How Reddit reacted, the chorus of “NTA” and why people sided with him
Top comments largely supported the poster. Commenters repeatedly underscored that a stepchild is not automatically another parent’s responsibility. One top reply summed it up bluntly: “Abis step daughter is not your responsibility.” Another echoed the practical boundary: “NTA. Your responsibility is your child and your child only.” Several warned about precedent and the slippery slope of small favors turning into regular obligations; as one popular comment put it, “If you pay, then they are going to ask again and again for something else.”
Some readers offered real-world perspective beyond family drama: a comment from a longtime teacher challenged the idea that the money truly couldn’t be found, saying schools often have funds to cover students who can’t afford field trips, and that, in her 31 years teaching, it’s hard to believe they couldn’t “scrape together 25 bucks” for a kid. Others sympathized that the stepdaughter shouldn’t be punished for her parents’ financial choices but still maintained it wasn’t the poster’s duty to fix it.

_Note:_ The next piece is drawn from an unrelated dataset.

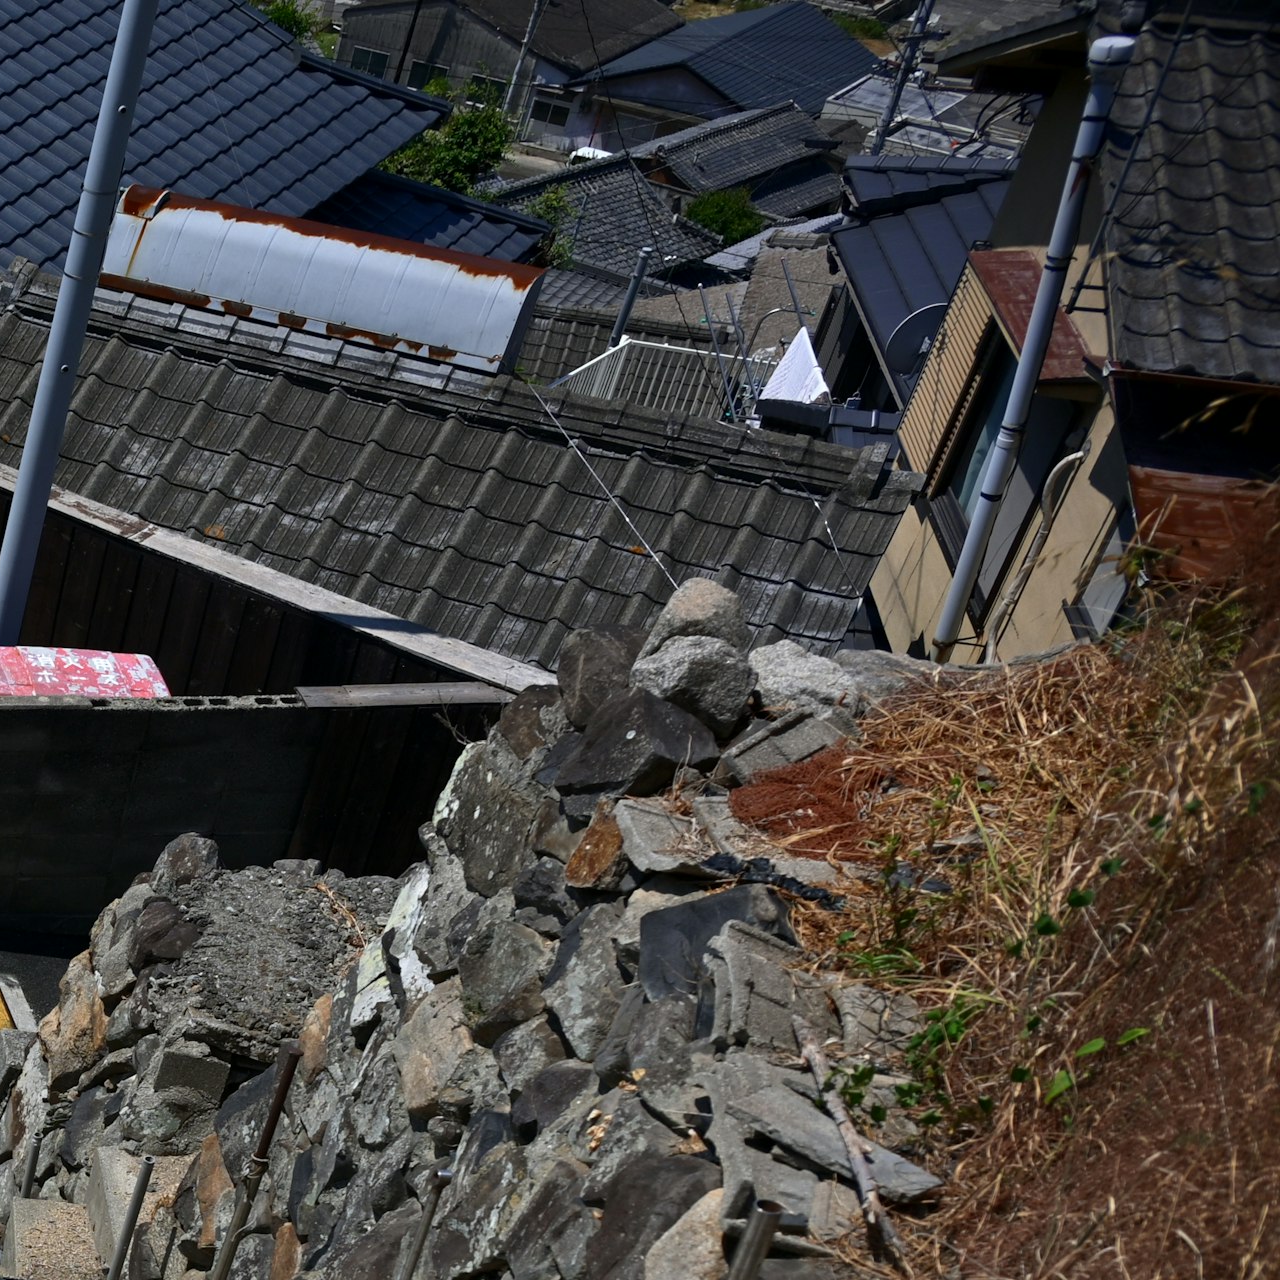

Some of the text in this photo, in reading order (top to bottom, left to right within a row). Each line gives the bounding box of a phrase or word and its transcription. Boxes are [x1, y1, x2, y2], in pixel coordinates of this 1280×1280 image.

[28, 653, 114, 671] 消火用
[37, 671, 119, 685] ホース

Why this hits so many nerves
There is something especially combustible about parenting, money, and blended families. Small asks, a $25 fee, a ride, an extra babysit, become test cases for who is inside or outside the circle of obligation. For the poster, the refusal wasn’t only fiscal prudence; it was an attempt to preserve hard-won boundaries after divorce. For Abi, it read as a cheap act of exclusion that might damage relationships between the kids. That tension, wanting to be generous and conscience-bound while also protecting oneself from being re-opened to old fights, is painfully familiar to anyone who has divorced, blended, or navigated shared parenting.
What To Take From This
This story isn’t just about $25. It’s about drawing clear lines after divorce, negotiating blended-family roles, and finding humane ways to prevent tiny requests from escalating into ongoing conflict. If you’re in a similar situation, consider separating one-off generosity from ongoing responsibility: if you’re inclined to pay this time, be explicit this is a one-time gesture and ask for parity on similar future needs. If you choose no, be ready to offer alternatives, help Abi contact school staff about hardship funds, or encourage her to reach out to the grandparents you mentioned. Communication matters: ask why the stepdaughter’s parents or grandparents weren’t approached and suggest concrete solutions rather than character judgments.
Finally, protect your co-parent relationship. If money has historically been explosive, consider using a neutral third party or a written agreement for expenses beyond essentials. Small gestures can smooth hurts, but so can clear expectations. The poster’s instincts about precedence are valid; so is the desire to avoid a child feeling left out. Balancing those truths, with candid conversations and realistic boundaries, is the practical path forward.